San Andreas | reviews, news & interviews
San Andreas
San Andreas
Dwayne Johnson rocks - kinda - in otherwise daft disaster movie
Time gets called on California in San Andreas, a bone-headed disaster movie that sends huge swathes of the West Coast toppling to its doom even as one particular family not only makes it through intact but is even enriched in the process. Who'd have thought that the demise of several cities full of unnamed people would act as a perverse sort of marriage counselling for a couple in nuptial distress?
Still, no one goes to such films expecting exercises in common sense but, instead, to see just how much wreckage the special effects team can wow us with this time around. On that front, San Andreas is pretty impressive as one or another skyscraper, bridge, or major landmark – toodle-pip, Coit Tower! adios, Golden Gate Bridge! – buckles and topples under the weight of the much-anticipated Big One: level 9 and climbing, and so horrific, we're told, that tremors can reach all the way to the east coast.
That such carnage was previously anticipated onscreen in 1974's Earthquake (and before that, as well) and has found a rending modern-day equivalent in Nepal doesn't penetrate the self-enclosed bubble in which this celluloid genre seems to exist. Let's just say that The Rock (aka Mr Johnson, pictured above) looks as if he could lift the entire Pacific rim with his little finger, and surely that's what counts.
The film in fact would be a paltry thing indeed without its commendably imperturbable star, especially given a shifting landscape that no longer finds the modern-day equivalents of Ava Gardner, Shelley Winters, or Fred Astaire (who was Oscar-nominated for The Towering Inferno, of all things) willing to climb onboard such spectacles as they were once wont to do. (Gloria Stuart in Titanic was the last such iconic presence to go down the disaster film route.) Instead, we have a fairly random trio of supporting players in Gugino, Ioan Gruffudd, and Alexandra Daddario, each of whom Johnson looks as if he could devour whole. Our leading man's unwavering gaze becomes especially welcome, given the facial displays provided by the above-mentioned trio who come across as doe-eyed, shifty-eyed, and scary-eyed in turn. Playing a daddy's girl par excellence, the aptly named Daddario, in particular, possesses such a weirdly shining pair of baby blues that one wonders if she just might be demonically possessed (the actress, pictured below).
The plot, not that it matters, finds LA Fire Department helicopter he-man Ray (Johnson) on the outs with his wife (Gugino), who has taken up with a scurrilous real estate mogul (Gruffudd). That leaves the bodacious Blake (Daddario) torn between two male authority figures – not much competish there – and available to fall hard for a sweet-faced Brit by the name of Ben (Hugo Johnstone-Burt). Ben, in turn, comes with an outspoken little brother, Ollie (Art Parkinson), who functions like the wisecracking, prepubescent sidekick in a Disney musical, not that San Andreas is likely headed to the stage any time soon.

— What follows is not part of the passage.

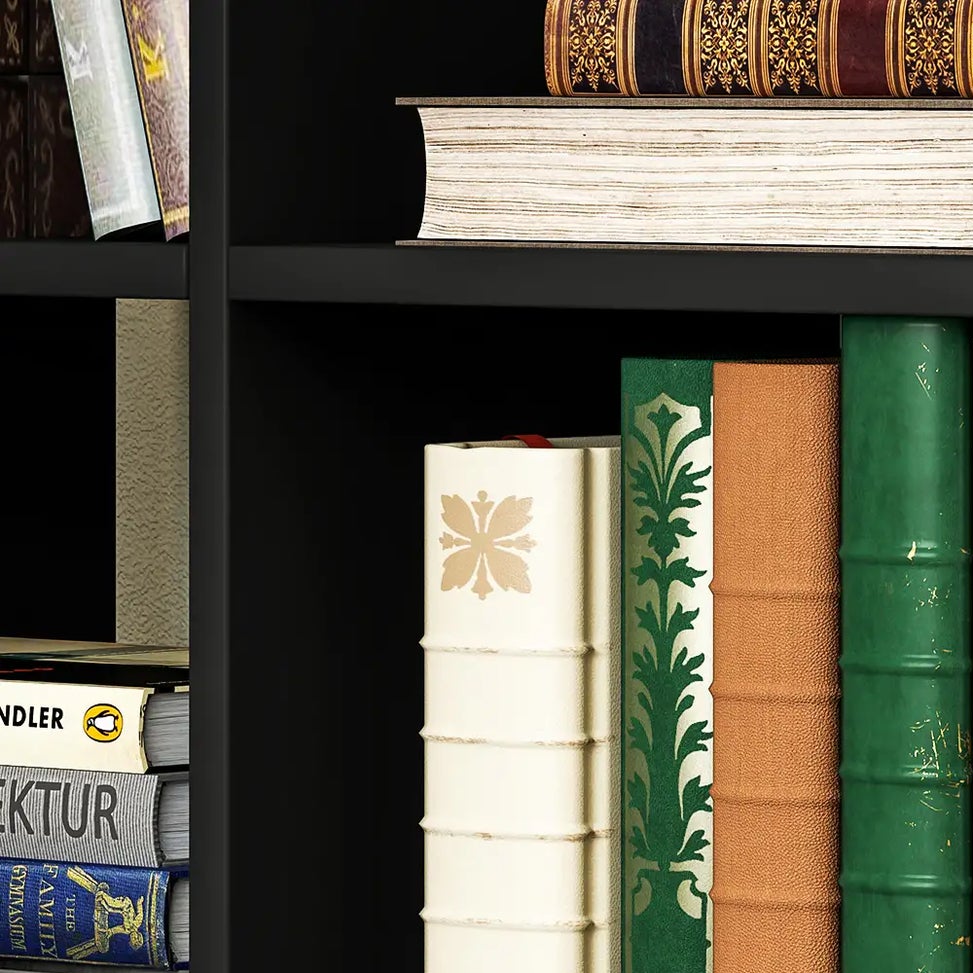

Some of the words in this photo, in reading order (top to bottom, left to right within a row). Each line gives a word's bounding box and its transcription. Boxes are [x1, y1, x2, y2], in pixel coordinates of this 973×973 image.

Carlton Cuse's screenplay, meanwhile, is rife with lines like "are you hurt", "ah, man, this is not good" – that one spoken by a fretful Paul Giamatti as the seismologist whose brainiac heroics complement Johnson's brawn – and, my favourite, "it's an earthquake". That last and very helpful remark is there possibly to soothe those filmgoers who would rather ascribe such rampaging destruction to the impersonal forces of mother nature and not, say, Al Qaeda or ISIS. (Much of the imagery nonetheless has about it a 9/11-influenced aesthetic.) And at the very end, as our nuclear family against ludicrous odds stands unscarred while untold millions have clearly died around them, an unyielding Johnson speaks the quiet command, "now rebuild". To which, what can one say beyond "yessir"?